Using CAQL to Identify Hosts with Top CPU Usage

A common task that users want to perform when monitoring their infrastructure is to identify their top resource consumers. Although the following techniques can be applied to numerous different resource metrics, we will specifically look at the problem of identifying which of our hosts or services are consuming the most CPU resources.

To begin, we first need to create a new graph and add a CAQL (Circonus Analytics Query Language) Datapoint as explained in the Getting Started guide. Make sure you’re in edit mode and go to the “Options” menu which is under the “tuner” icon in the upper right corner of the screen. There, change the “Graph Fill Type” to “Line”.

Method 1: Simple find() with Mouse Selection

In the simplest case, when we are only monitoring a few dozen hosts, we can accomplish our task using a simple CAQL query to find and output all “cpu`idle” metrics in our account, like so:

find:counter("cpu`idle")

We enter that statement into the CAQL datapoint and the graph now renders all of our cpu`idle metrics as line series. If we flip the graph to view mode, we can hold down the “s” key and hover over individual lines to highlight and select particular metrics to focus on. If we highlight the lines with the lowest CPU idle percentages, we’re effectively highlighting the ones with the largest CPU utilization.

Method 2: Improved Labels and Values

We can immediately see that there are multiple shortcomings with the first method:

The legend labels only include the metric name, which is not helpful.
We are interested in the CPU utilization, not the cpu`idle percentage.

Let’s flip the graph back to edit mode and update the CAQL statement to address these shortcomings. Here is our new, improved CAQL statement:

find:counter("cpu`idle")
| each:neg() | each:add("100")
| label("%tv{__check_target} cpu utilization")

The functions | each:neg() | each:add("100") apply the transformation x --> -x + 100 to each stream, which converts the idle percentages into utilization percentages by subtracting them from 100.

The function | label("%tv{__check_target} / %n") adds a label to each stream, consisting of the check target (host name), and the string “cpu utilization”.

This is much better. The stream labels are actually useful, and we’re looking at actual CPU utilization instead of the idle percentages.

Method 3: Using top() to Filter Results

The second method gives us what we want, but it becomes impractical when too many results are returned. If we’re monitoring hundreds of hosts, we cannot manually display and visually sort through all of them at once. In order to narrow down the results to the most relevant metrics we can use the top() function, as follows:

find:counter("cpu`idle")
| each:neg() | each:add("100") // convert to utilization
| top(5, method="max")         // filter top results
| label("%tv{__check_target} cpu utilization")
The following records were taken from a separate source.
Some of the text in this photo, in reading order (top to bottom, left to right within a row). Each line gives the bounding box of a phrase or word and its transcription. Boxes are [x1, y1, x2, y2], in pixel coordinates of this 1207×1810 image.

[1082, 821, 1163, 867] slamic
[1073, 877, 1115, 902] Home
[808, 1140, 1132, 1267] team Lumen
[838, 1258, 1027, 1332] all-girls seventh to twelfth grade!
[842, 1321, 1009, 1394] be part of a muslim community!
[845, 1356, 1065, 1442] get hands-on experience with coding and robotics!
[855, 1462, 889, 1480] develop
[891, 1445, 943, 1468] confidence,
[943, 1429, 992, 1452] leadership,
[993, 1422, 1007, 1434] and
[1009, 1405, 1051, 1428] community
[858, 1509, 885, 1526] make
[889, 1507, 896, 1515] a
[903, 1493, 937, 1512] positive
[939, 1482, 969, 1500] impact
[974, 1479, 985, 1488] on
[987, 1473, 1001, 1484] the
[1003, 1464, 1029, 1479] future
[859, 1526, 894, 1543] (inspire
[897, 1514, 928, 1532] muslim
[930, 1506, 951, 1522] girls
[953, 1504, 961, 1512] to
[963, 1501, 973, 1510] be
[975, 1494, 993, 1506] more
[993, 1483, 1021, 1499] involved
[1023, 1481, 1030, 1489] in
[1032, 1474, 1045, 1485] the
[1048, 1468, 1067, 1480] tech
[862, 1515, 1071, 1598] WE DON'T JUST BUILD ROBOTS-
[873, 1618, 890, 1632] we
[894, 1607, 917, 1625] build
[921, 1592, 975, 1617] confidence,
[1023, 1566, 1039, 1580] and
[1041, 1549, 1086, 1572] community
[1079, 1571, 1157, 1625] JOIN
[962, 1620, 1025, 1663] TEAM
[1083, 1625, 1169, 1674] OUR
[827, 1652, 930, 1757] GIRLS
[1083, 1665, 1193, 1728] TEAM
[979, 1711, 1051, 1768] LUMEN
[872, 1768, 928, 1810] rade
We added the method="max" parameter because we are interested in the highest CPU spikes. If we are instead interested in the highest average CPU utilization, we could have left this parameter out or set it to "mean".

After adding the top() function to the CAQL statement, the results look like this:

This is much better. Now we can easily pick out the top CPU consumers in our account without being distracted by all the other data.

Method 4: Group By Service Tag

In some cases, particularly when we’re monitoring hundreds of hosts, we might not be interested in individual hosts, but instead want to identify services provided by groups of hosts that have a high CPU utilization. In this case, we want to aggregate the metrics using tags to identify what service or component they belong to. We will use the group_by:* functions to aggregate the data by tag, like so:

find:counter("cpu`idle")
| group_by:mean("component")
| label("%tv{component} / %n")

This updated CAQL statement will average the cpu`idle percentage over the “component” tag. Metrics which have the same value for the “component tag” will be grouped together and averaged. If a metric does not have the “component” tag, it will be put into the category “uncategorized”.

Hint: It’s possible to group by multiple dimensions by supplying multiple parameters to the group_by function, e.g. group_by:mean("component", "datacenter")

For the label, we chose to select the value of the “component” tag by using %tv{component} (“tv” stands for “tag value”), and then append the metric name itself by using %n.

Hint: If you want to show all tags which vary across the output results, use the label pattern %t-{*}.

Once we flip the graph to view mode we will see the following output:

The Power of CAQL

As you can see, CAQL can be easily tailored and extended to fit the use-case at hand. This flexibility extends far beyond checking CPU utilization. From searching and manipulating data streams to limiting and aggregating the results, CAQL lets you efficiently harness your data, optimizing both performance and business intelligence.